Al ver a mi abuela en aquel apartamento, se abrumó mi alma. La detallé para estar seguro. Comencé a llorar, indudablemente era ella. Sus gestos antiguos, dándole una sonrisa a la mujer y luego abriendo los brazos, recibiendo al hombre con un cariño que estaba cargado con años de ausencia. Ella se acercó a la ventana, tenía ganas de gritarle pero mi voz no salía. Se asomó por el pequeño marco, dirigió su vista hacia mí, buscándome con sus ojos; no tuvo ninguna expresión.

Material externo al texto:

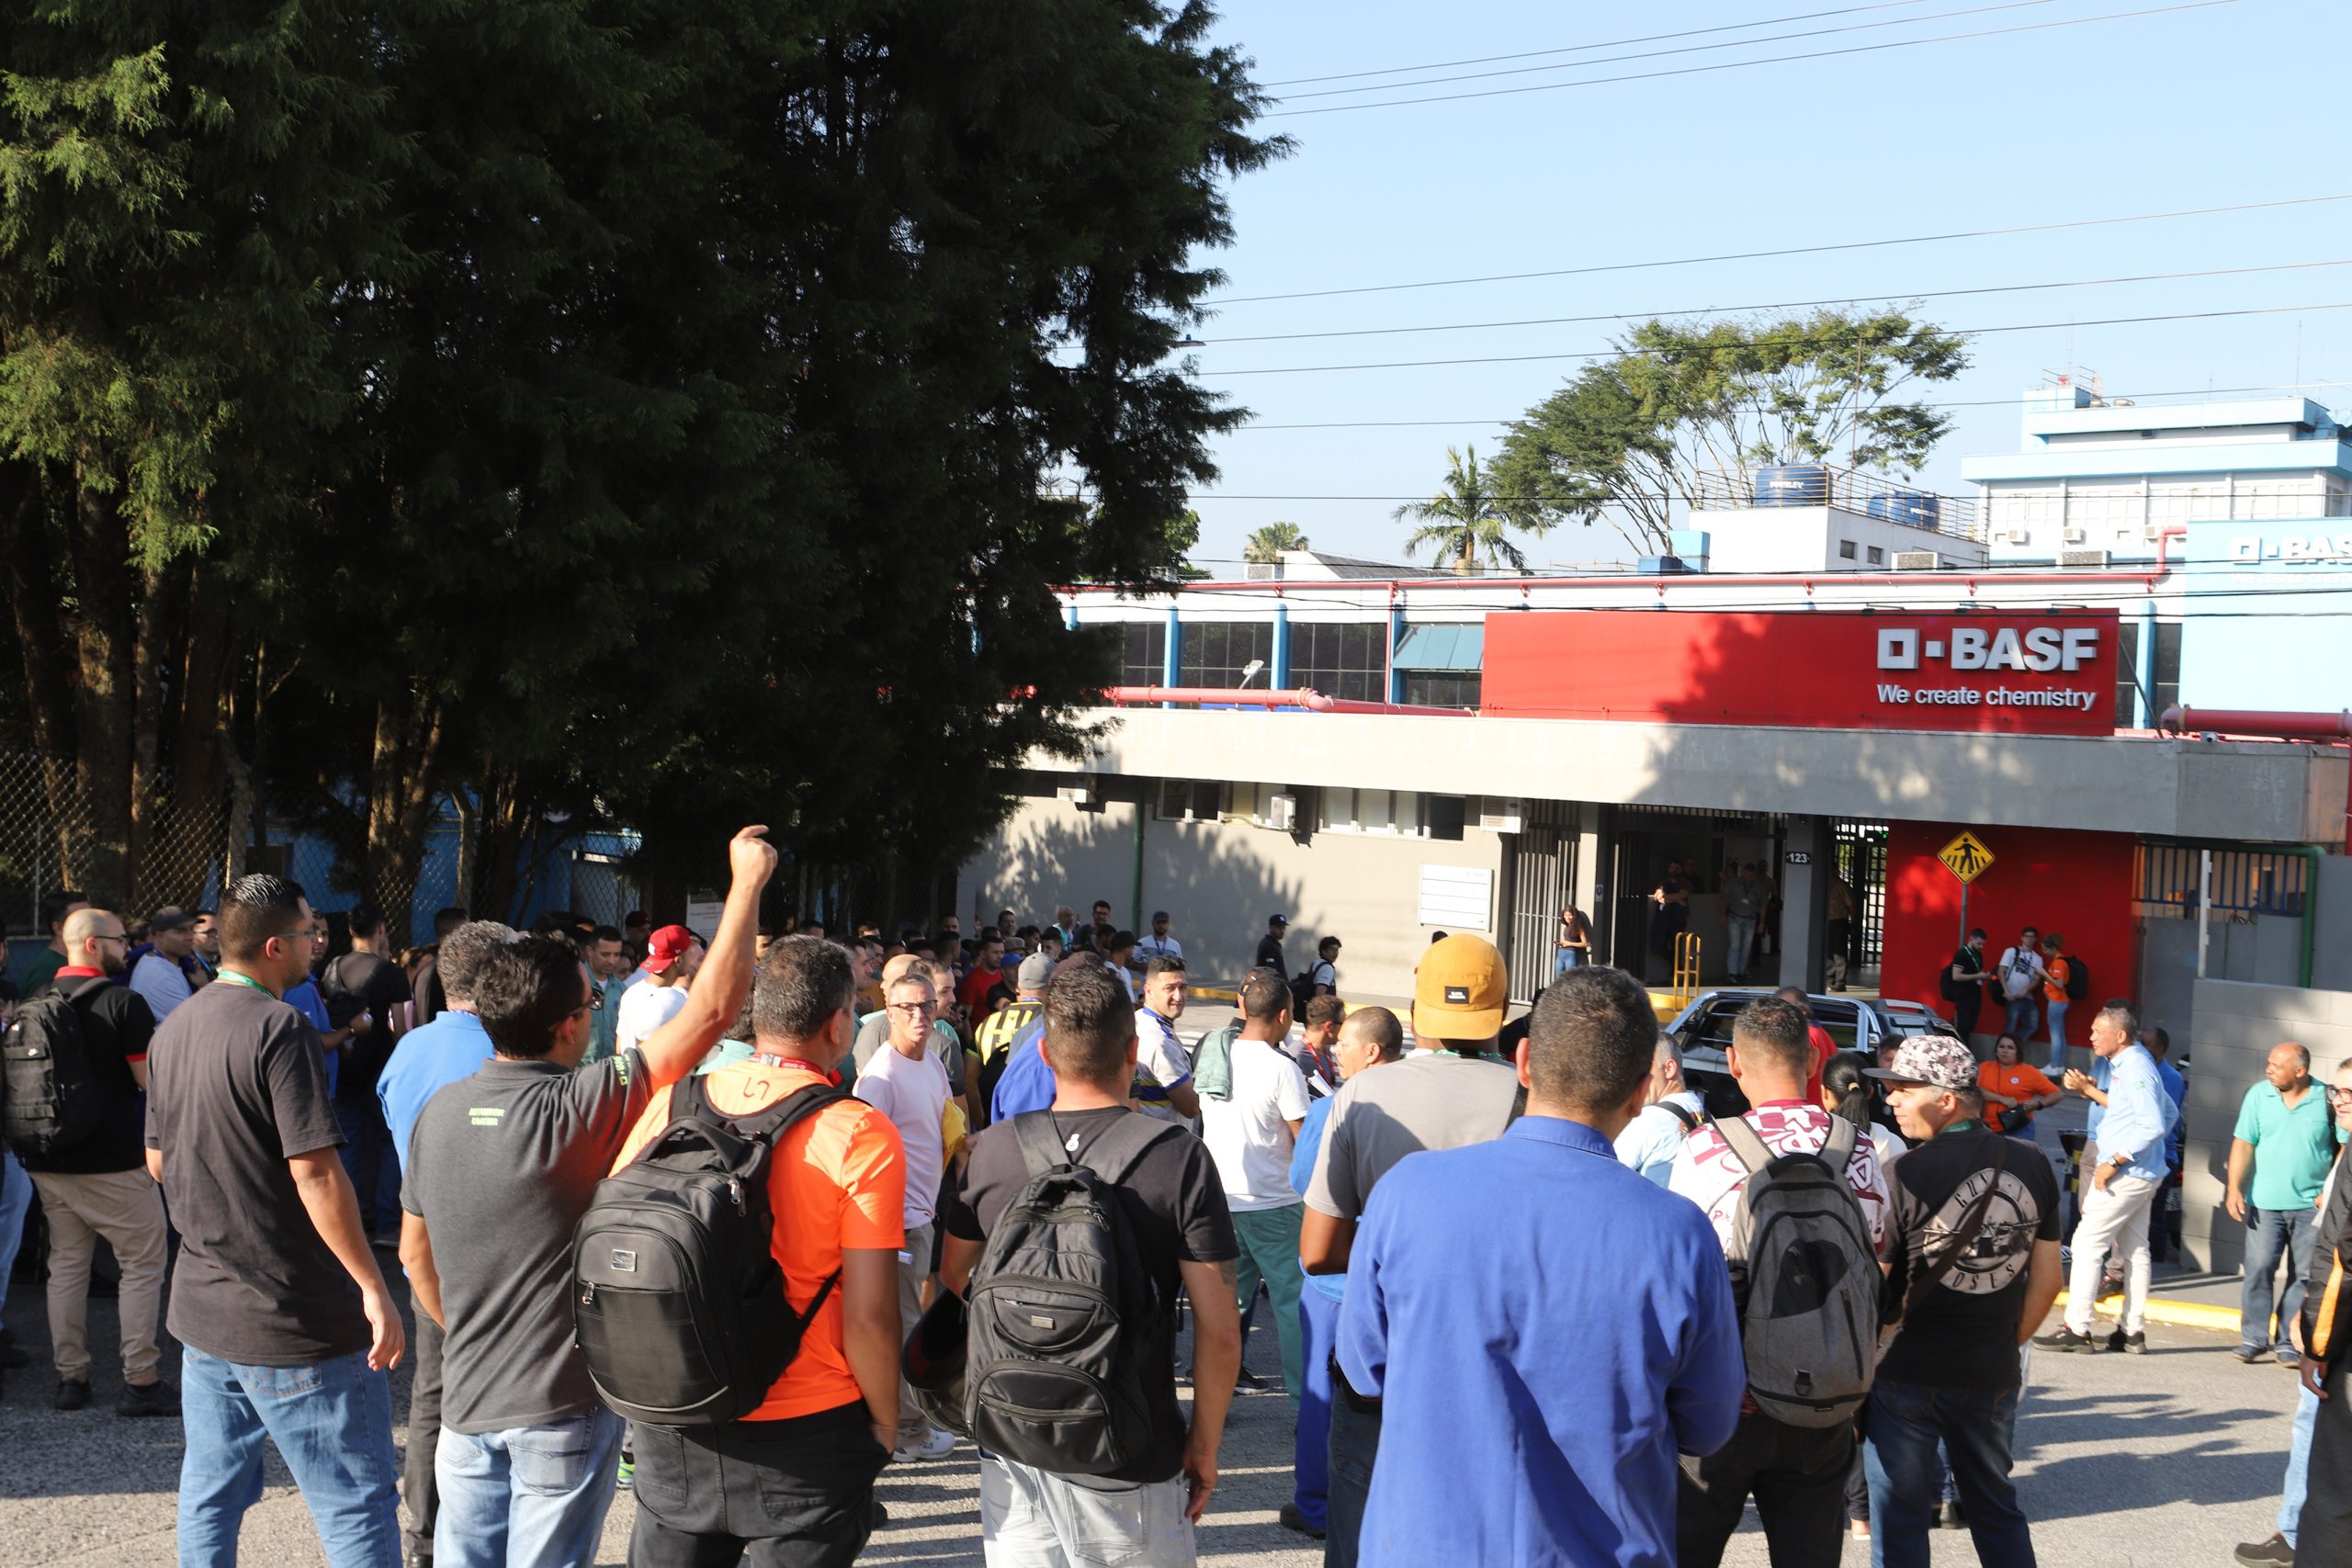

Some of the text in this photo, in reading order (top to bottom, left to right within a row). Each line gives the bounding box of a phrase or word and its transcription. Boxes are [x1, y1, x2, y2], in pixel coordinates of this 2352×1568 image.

[1951, 626, 2099, 671] BASF
[1877, 684, 2097, 712] We create chemistry
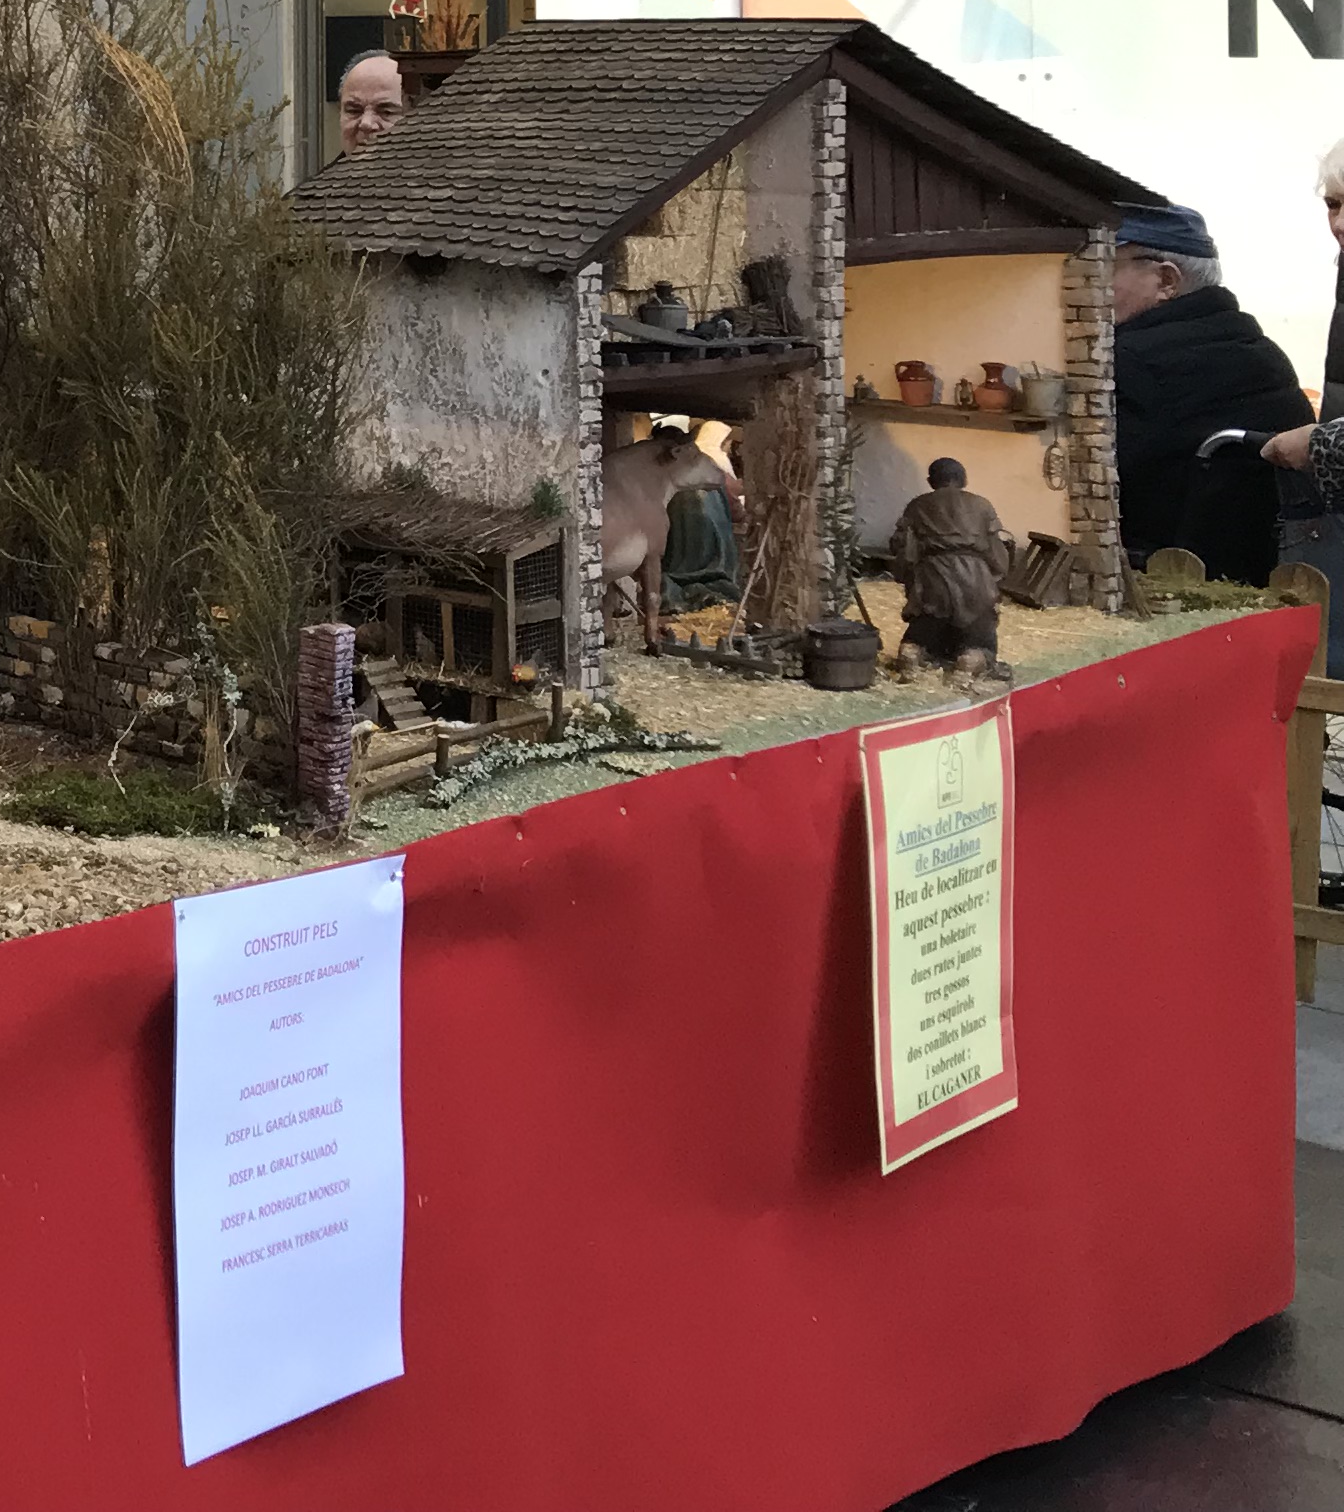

Desde aquel momento no salgo del edificio, casi ni abandono la terraza, como dije: solo bajo al apartamento por breves momentos; me lavo la cara y vuelvo a encontrarme, después subo a la azotea y, entre los sonidos de los aviones, miro a través de la ventana, y casi pudiera jurar que siento, de lejos, la esencia a girasol.